Introduction We evaluated the prognostic value of KRAS and primary tumor location (PTL) for overall survival (OS), progression-free survival (PFS), and post-progression survival (PPS) in metastatic colorectal cancer (mCRC). Material and Methods Individual patient data from the DREAM phase III study were retrospectively analyzed. PTL was defined as right-sided or left-sided if tumor arising from the cecum to transverse colon or from the splenic flexure to the rectum, respectively. OS, PFS, and PPS were estimated using the Kaplan-Meier method and compared using log-rank test. Results Among 700 patients included in the DREAM study, both PTL and KRAS were available for 536 (76.6%) patients. PTL showed stronger prognostic impact than KRAS status for OS (HRPTL, 1.62 vs. HRKRAS, 1.37), PFS (HRPTL, 1.27 vs. HRKRAS, 1.15) and PPS (HRPTL, 1.54 vs. HRKRAS, 1.33).

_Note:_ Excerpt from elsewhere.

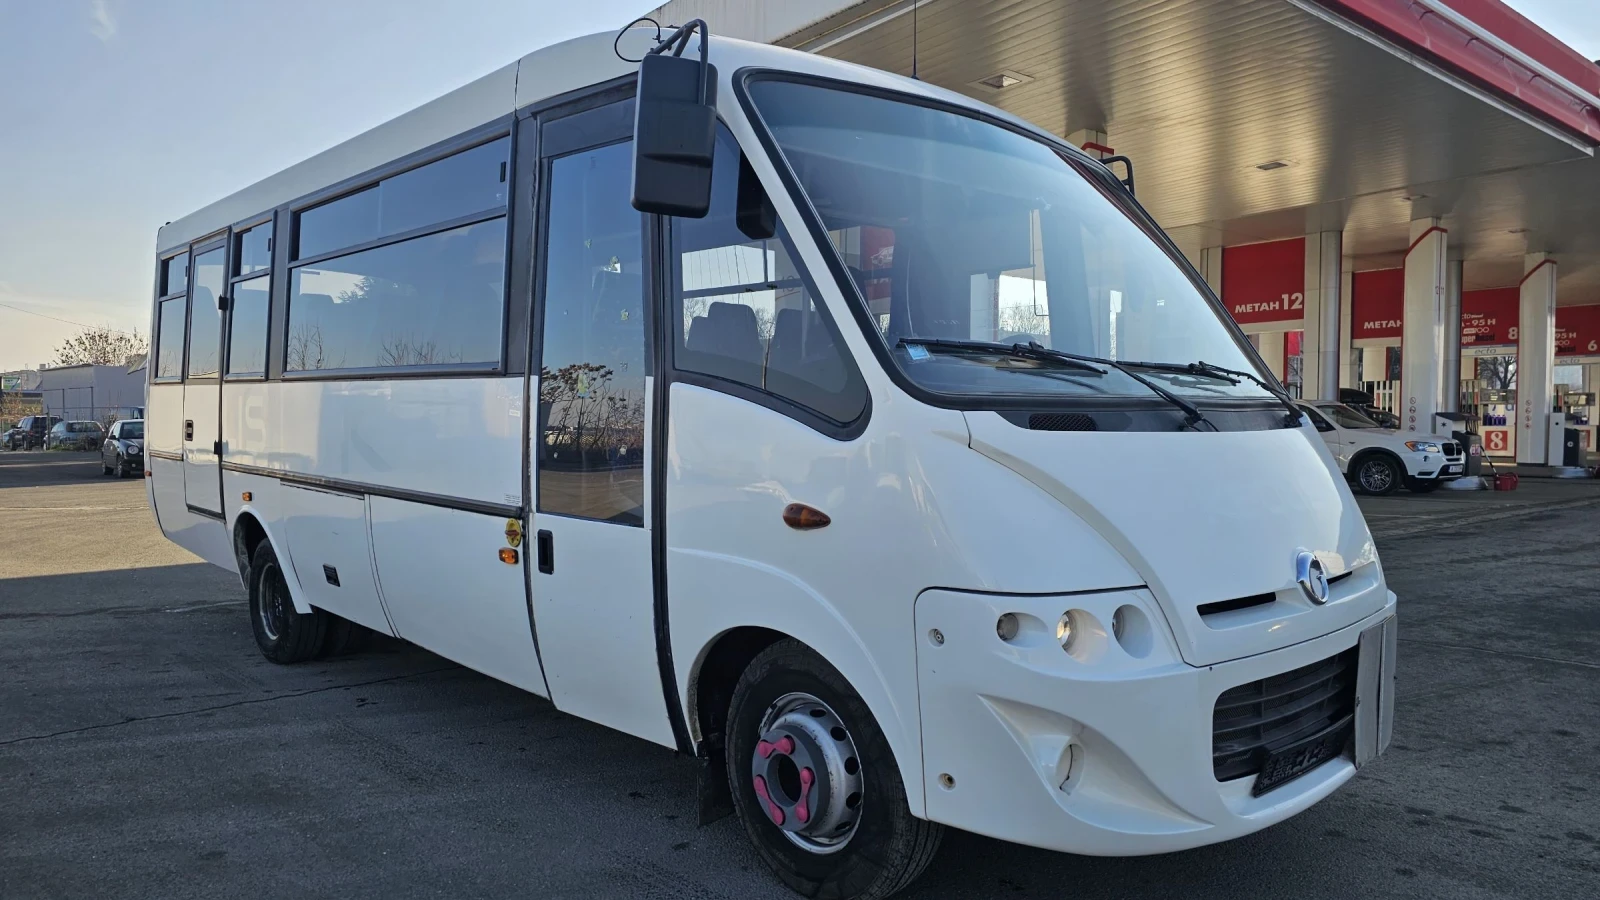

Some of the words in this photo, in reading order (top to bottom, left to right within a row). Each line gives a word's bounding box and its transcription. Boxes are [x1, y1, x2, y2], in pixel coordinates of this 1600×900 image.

Interaction between PTL and KRAS was significant (Pinteraction = .003). A negative impact of KRAS mutation was observed for OS and PPS, but not for PFS. Right-sided tumor was associated with poorer Eastern Cooperative Oncology Group performance status, anemia, and KRAS mutation, whereas left-sided KRAS wild-type tumor was associated with an increased lactate dehydrogenase. In patients with KRAS mutant mCRC, alkaline phosphatase was the main prognostic factor whatever the tumor site, whereas in those with KRAS wild-type tumors, prognostic factors varied according to PTL. The exposition to the anti-epidermal growth factor receptor (anti-EGFR) agents during and after study was similar in patients with left-sided and right-sided KRAS wild-type tumors. Conclusion Our findings suggest that a better prognosis of patients with mCRC with left-sided tumors is driven more strongly by PPS than by PFS when compared with patients with right-sided tumors, whatever the KRAS mutation status. This phenomenon was independent from the exposition to poststudy anti-EGFR monoclonal antibody.